In our formulation, we use 32 convolution filters, with 3 kernel sizes and 8 input features. The convolution filters allow us to extract different features on the first convolution layer of our network. Each filter contains its own weight with the pre-defined kernel size, composing the length of the input matrix. Moreover, each convolutional layer (i.e., 1DConv) is followed by a max-pooling operator (i.e., MaxPool) that down-samples the spatial size of the output, by selecting the maximum value of the region to which the filter operator is applied. In our scheme, we used 1D max-pooling with a pooling size of 2 and 1 stride size. Additionally, after each max-pooling operator a dropout layer is imposed in order to provide higher generalization of results for unseen data, by dropping out a percentage of outputs from the previous layer. All convolutional layers are activated using the ReLU function. After the last pair of 1DConv-MaxPool layers, a flatten layer is imposed, followed by a stack of fully-connected/dense layers.
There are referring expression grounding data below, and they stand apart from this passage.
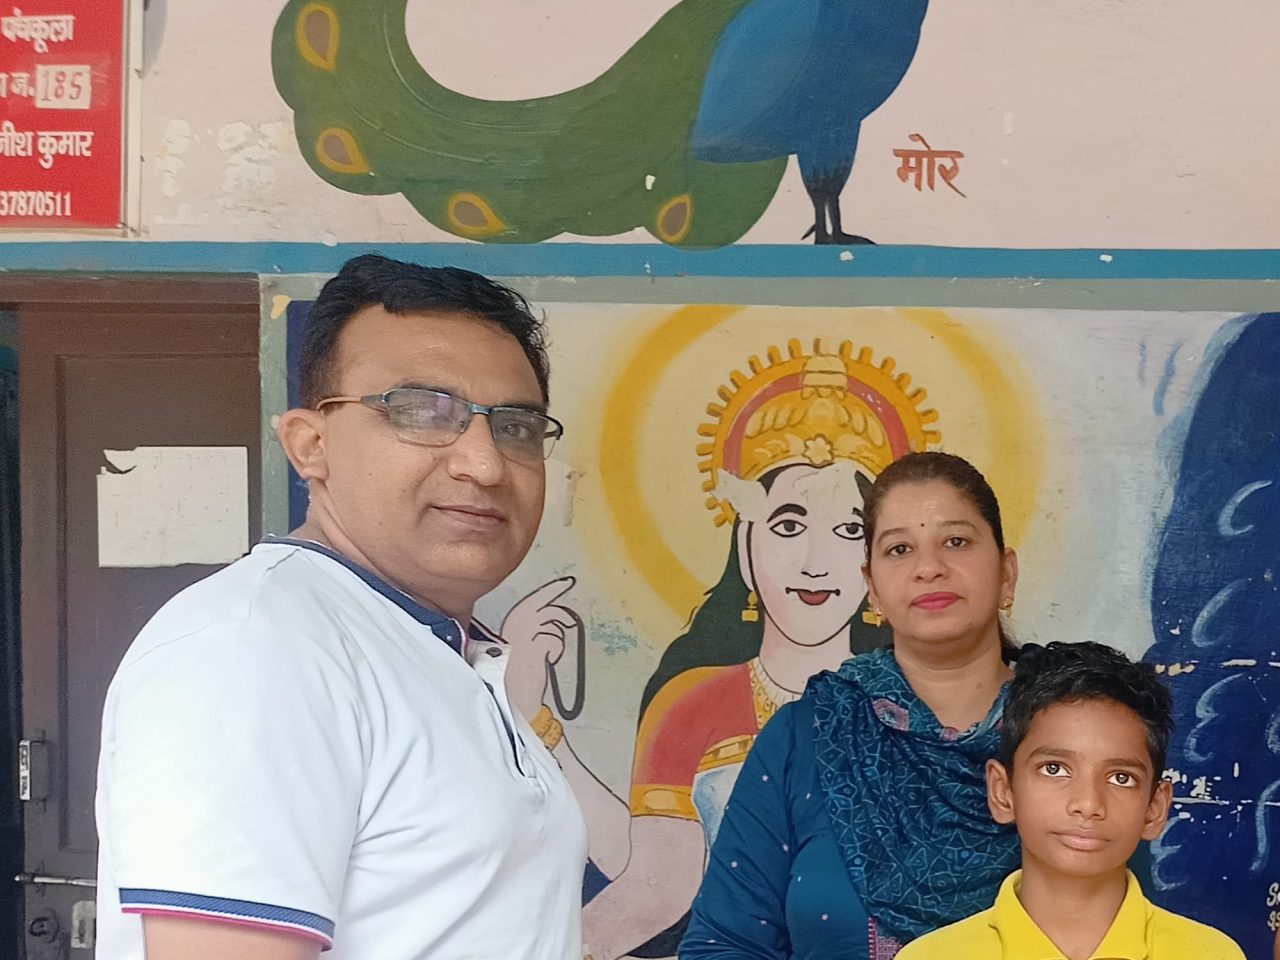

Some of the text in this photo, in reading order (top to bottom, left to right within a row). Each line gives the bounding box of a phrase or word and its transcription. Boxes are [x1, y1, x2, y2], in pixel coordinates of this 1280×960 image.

[41, 70, 83, 101] 185
[37, 131, 94, 169] कुमार
[893, 133, 967, 198] मोर
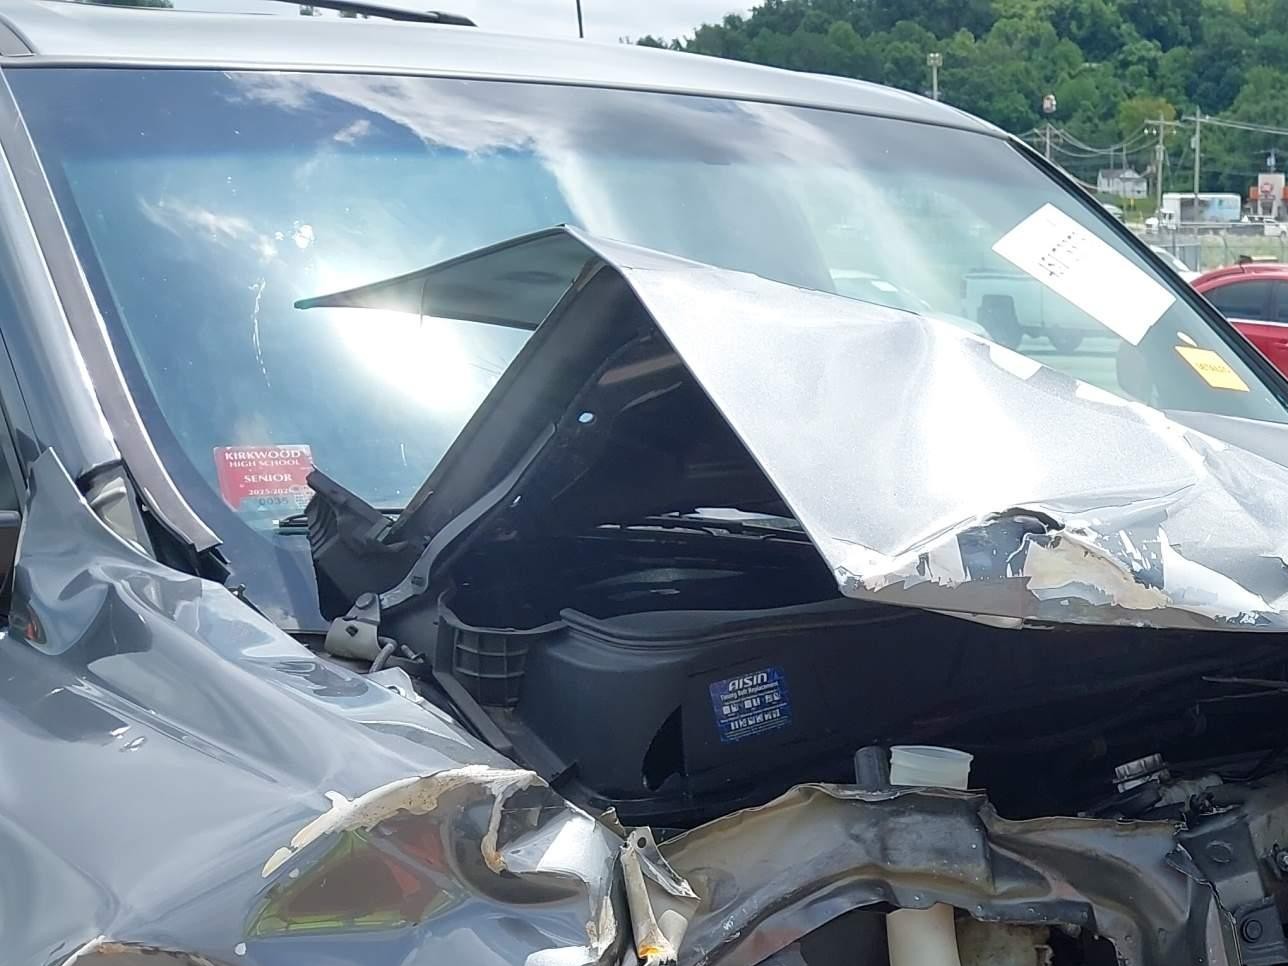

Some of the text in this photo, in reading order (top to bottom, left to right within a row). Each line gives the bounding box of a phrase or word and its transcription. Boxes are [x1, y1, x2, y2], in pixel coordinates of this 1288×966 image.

[225, 450, 301, 460] KIRKWOOD
[229, 460, 256, 468] HIGH
[244, 473, 292, 483] SENIOR
[728, 672, 768, 692] AISIN
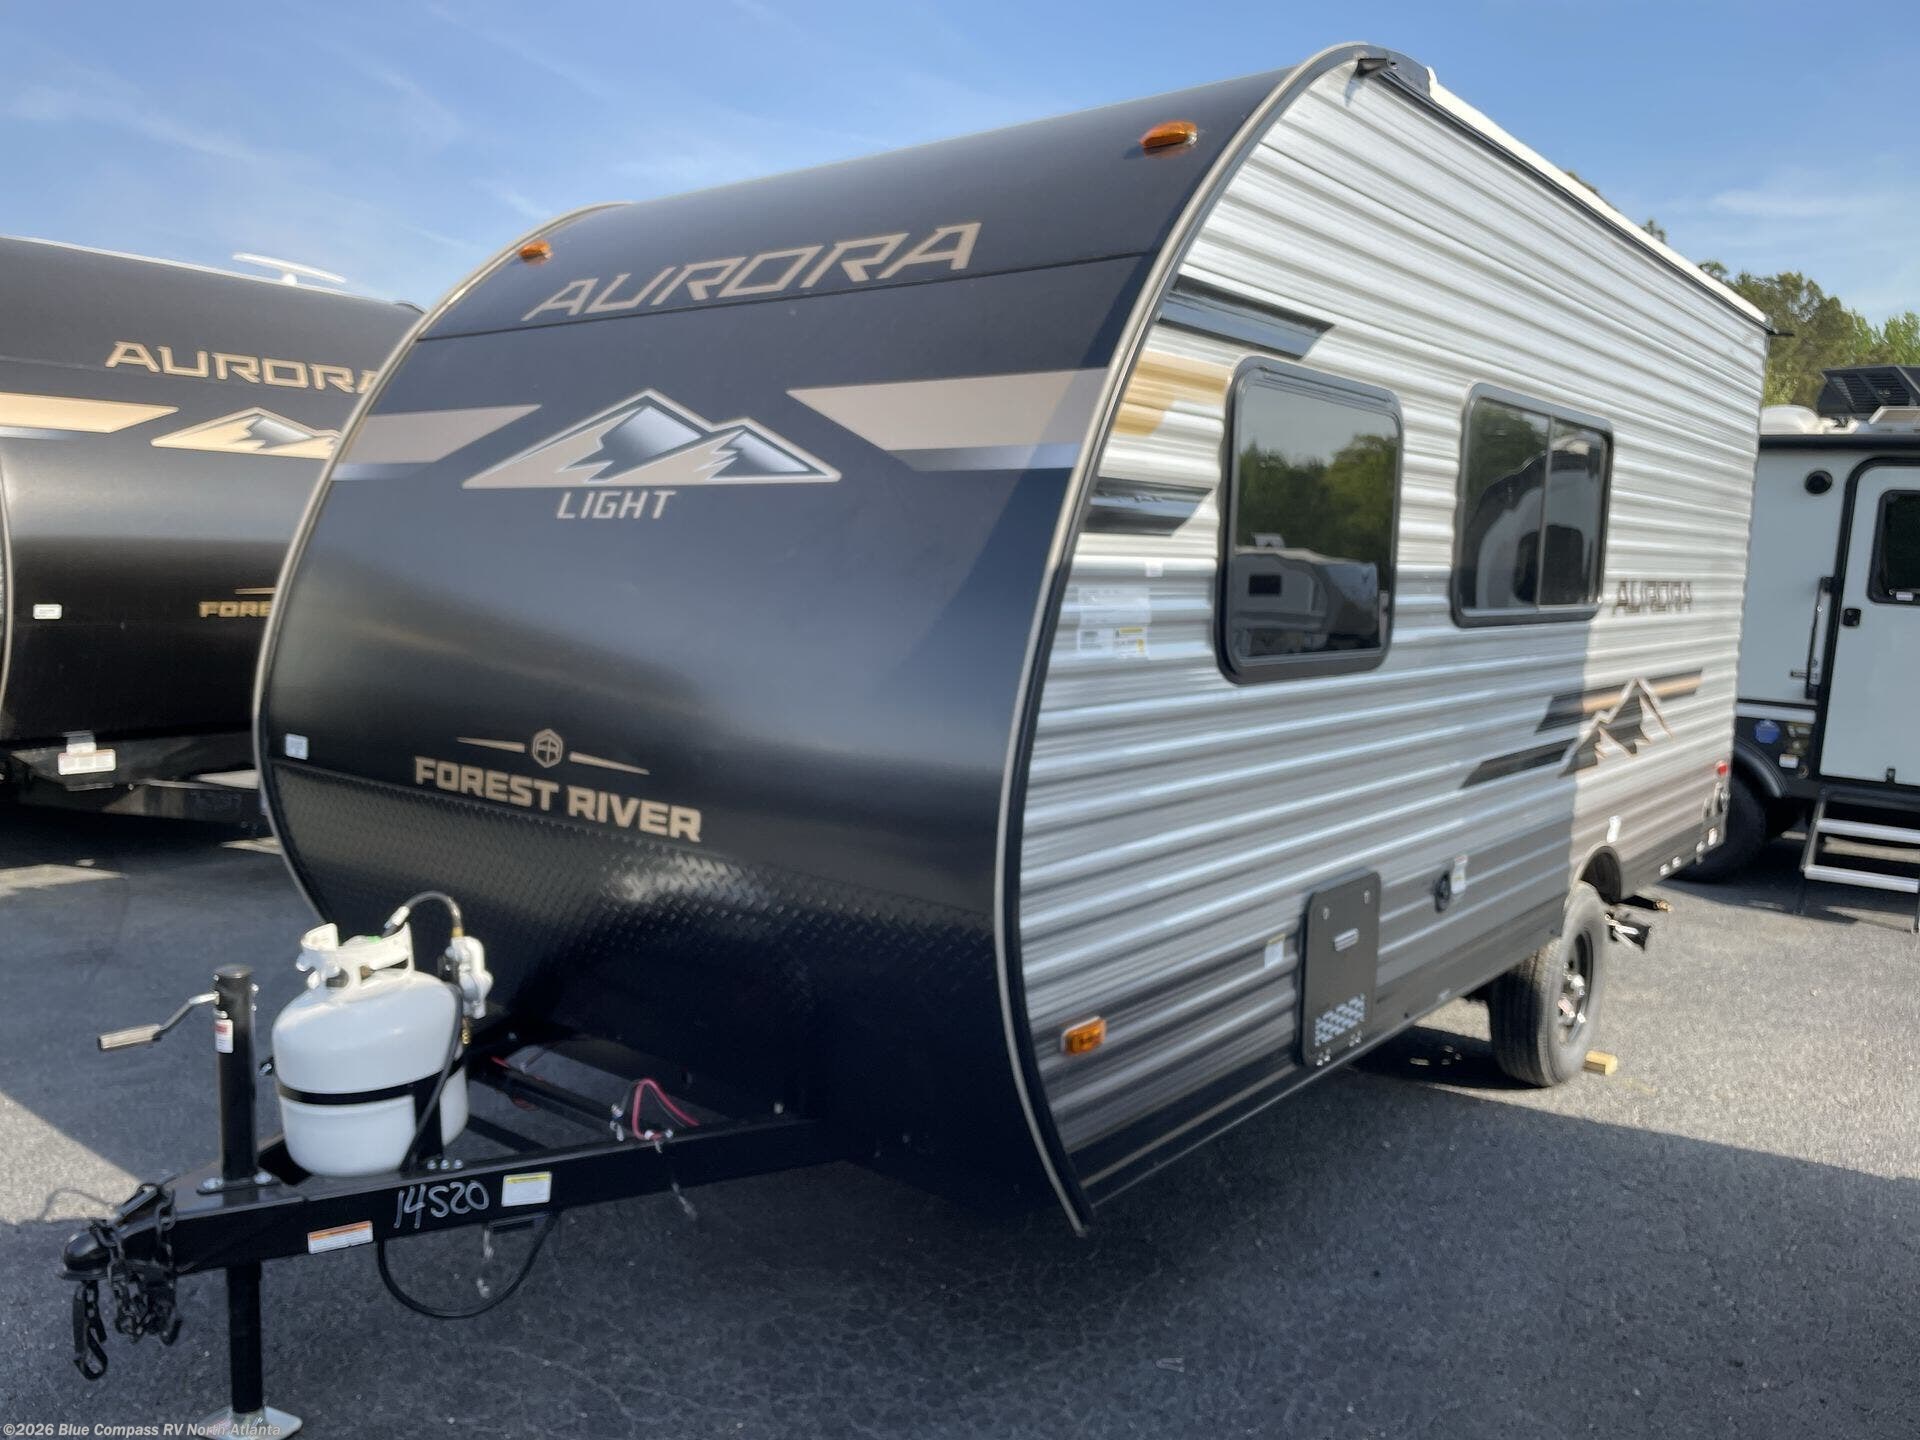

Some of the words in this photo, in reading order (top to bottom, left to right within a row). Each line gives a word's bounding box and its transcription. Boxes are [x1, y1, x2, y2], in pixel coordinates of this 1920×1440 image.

[521, 222, 982, 321] AURORA
[556, 490, 677, 519] LIGHT
[1613, 579, 1692, 615] AURORA
[414, 756, 559, 810] FOREST
[568, 785, 702, 843] RIVER
Generally, the majority of learning parameters are included on the fully-connected layers. The last layer is a softmax activated layer, which is responsible for the assigning the probabilities to the corresponding classes, and thus is responsible for the classification task.

4. Experimental Setup

In this section, we provide the dataset description, including the data acquisition process, the experimental scenario that was exploited, the evaluation metrics, and finally the quantitative performance of the proposed architecture.

4.1. pfSense Software

In this work we exploit data that were extracted through pfSense software [1,58], which acts as a firewall service, also enabling the Suricata [59] intrusion detection service using Snort detection rules. pfSense is a customized FreeBSD (Berkeley Software) distribution, oriented to be used as a firewall and router. It has started as a fork of the m0n0wall project, which was mainly directed towards embedded hardware installations [2]. Contradictory, pfSense is more focused on full PC installations. pfSense platform, includes many base features, and can be extended with the package system, including “one touch” installations. pfSense stands as a viable replacement for commercial firewalling/routing packages, including multiple features that can be found on commercial products such as SonicWall and WatchGuard among others. Out of the most significant features of pfSense are the firewall, routing, QoS differentiation, NAT, Redundancy, Load Balancing, VPN, Report and Monitoring, Real Time information, and a Captive Portal. It is fully prepared for high throughput scenarios (over 500 Mbps), as long as high-end server class hardware is used. Logs, in pfSense software, contain recent events and messages from daemons. These messages can be stored locally on a limited basis or forwarded to a central logging server for long-term storage, better reporting, and alerting among others. pfSense logs are contained in a binary circular log format called clog. These files have a fixed size that does not grow. Consequently, logs only hold a certain amount of entries. As the new log entries are added to the system, the old entries are removed. Additionally, logs can be copied to another server with syslog where they may be permanently retained or rotated with less frequency. On normal installations, where logs are kept on disk, they are retained across reboots.

4.2. Dataset Description

Suricata is a high-performance and multi-tasking network intrusion detection (IDS), prevention (IPS) and security monitoring engine, designed to protect networks, as well as collect, and store information about any incoming signals [59]. Additionally, it is open source and owned by a community-run non-profit foundation, the Open Information Security Foundation (OISF). The work of the Suricata attack detector is based on the analysis of signatures and heuristics, and its convenience is due to the presence of open access to the source code. This approach allows the users to customize the system performance for individual tasks. The main settings include rules referring to traffic analysis, filters that limit the output of an alert, and notifications regarding active ports and networks among others. Consequently, Suricata, stands as an intelligent and highly flexible IDS/IPS solution, that can be easily extended or modified depending upon the type of the attack, making it as effective as possible. Information and communication systems capture and store information about suspicious activity. The users are able to edit the settings of the attack detector, to specify internal, external networks, address ranges of the different servers, and the utilised ports, among others. Additionally, on Suricata’s default settings, the traffic to external interfaces is also analysed. Suricata supports multiple output formats, including: the line-based alerts, EVE JSON, http-logs, packet logs, and verbose alerts. In our study, we exploit the line-based alert logs file, and a characteristic example of the extracted logs is illustrated in Figure 4.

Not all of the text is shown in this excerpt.